Excerpts from a dataset:

<<<<

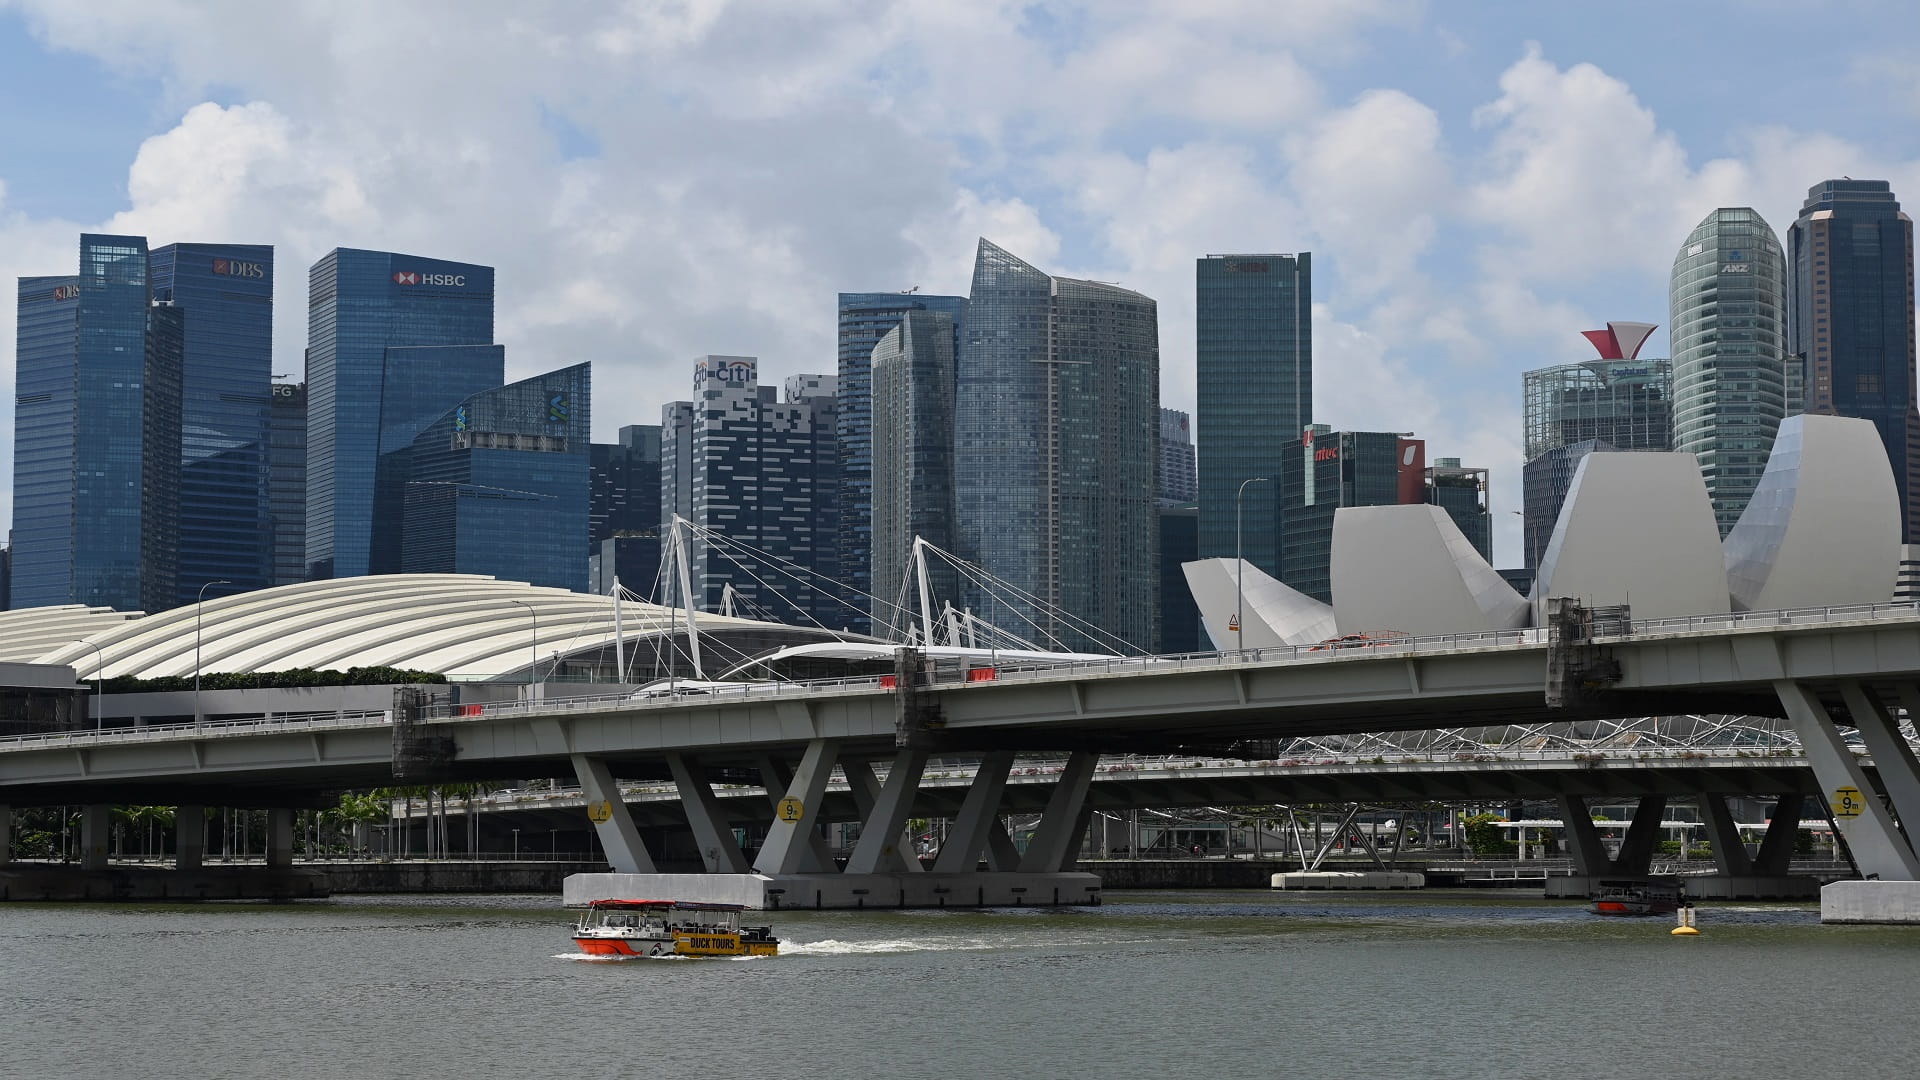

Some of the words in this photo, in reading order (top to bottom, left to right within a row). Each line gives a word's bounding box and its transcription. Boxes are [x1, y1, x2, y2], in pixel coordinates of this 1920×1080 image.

[230, 260, 264, 278] DBS
[1721, 264, 1750, 273] ANZ
[422, 273, 465, 287] HSBC
[715, 364, 750, 383] citi
[690, 937, 711, 949] DUCK
[712, 938, 735, 950] TOURS
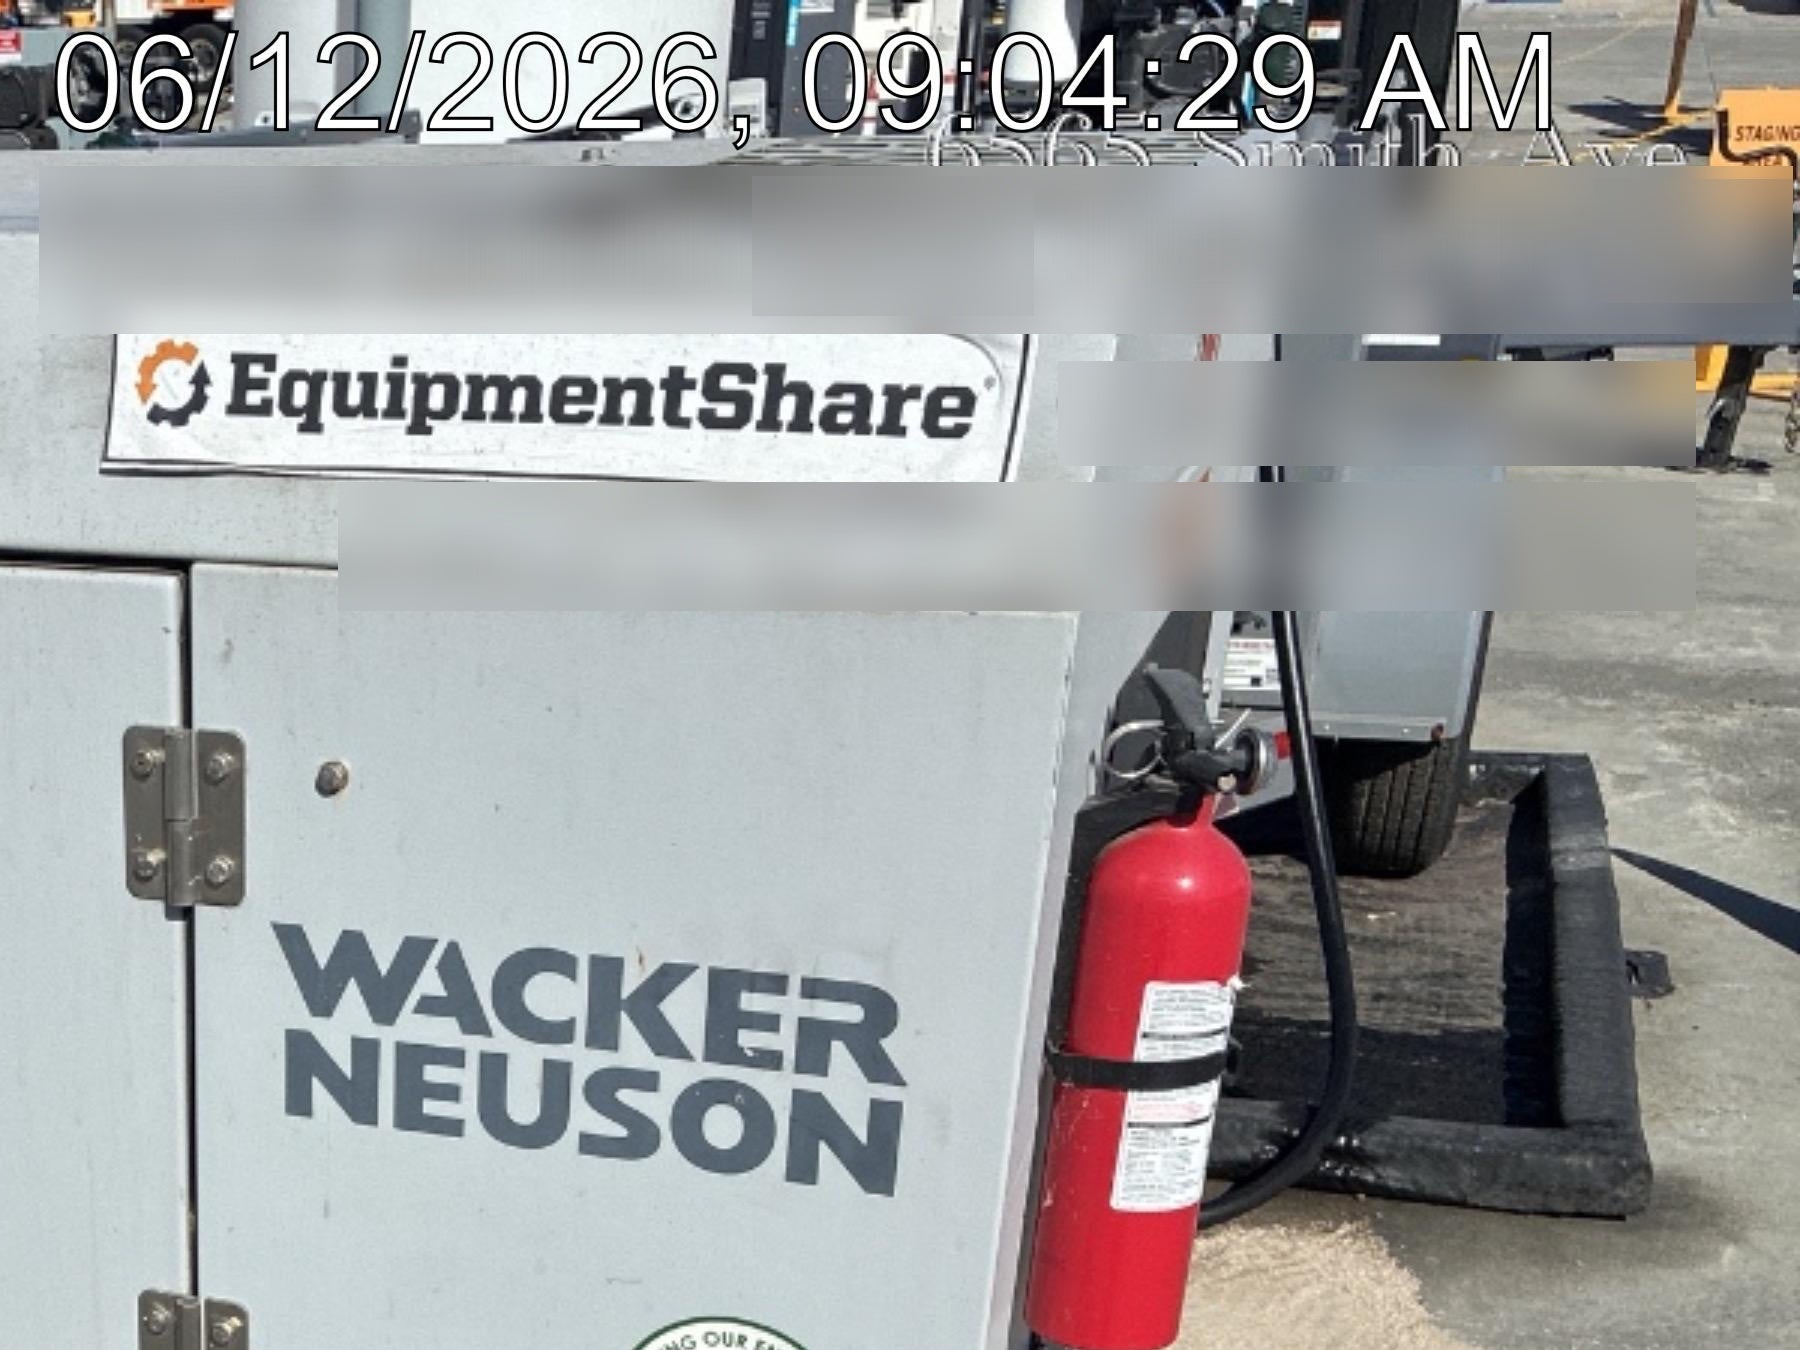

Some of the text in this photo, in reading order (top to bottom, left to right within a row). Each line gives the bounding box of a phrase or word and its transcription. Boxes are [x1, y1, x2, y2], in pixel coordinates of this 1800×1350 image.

[224, 351, 976, 438] EquipmentShare
[270, 921, 907, 1087] WACKER
[284, 1028, 904, 1198] NEUSON
[702, 1331, 748, 1349] OUR

>>>>

EXERCISE DIRECTIONS -> Once the pictures are set aside, copy the remaining text of every entry exactly.

RESPONSE ->
Some of the words in this photo, in reading order (top to bottom, left to right within a row). Each line gives a word's bounding box and its transcription. Boxes are [x1, y1, x2, y2], in pixel coordinates of this 1920×1080 image.

[230, 260, 264, 278] DBS
[1721, 264, 1750, 273] ANZ
[422, 273, 465, 287] HSBC
[715, 364, 750, 383] citi
[690, 937, 711, 949] DUCK
[712, 938, 735, 950] TOURS

Some of the text in this photo, in reading order (top to bottom, left to right within a row). Each line gives the bounding box of a phrase or word and its transcription. Boxes are [x1, y1, x2, y2], in pixel coordinates of this 1800×1350 image.

[224, 351, 976, 438] EquipmentShare
[270, 921, 907, 1087] WACKER
[284, 1028, 904, 1198] NEUSON
[702, 1331, 748, 1349] OUR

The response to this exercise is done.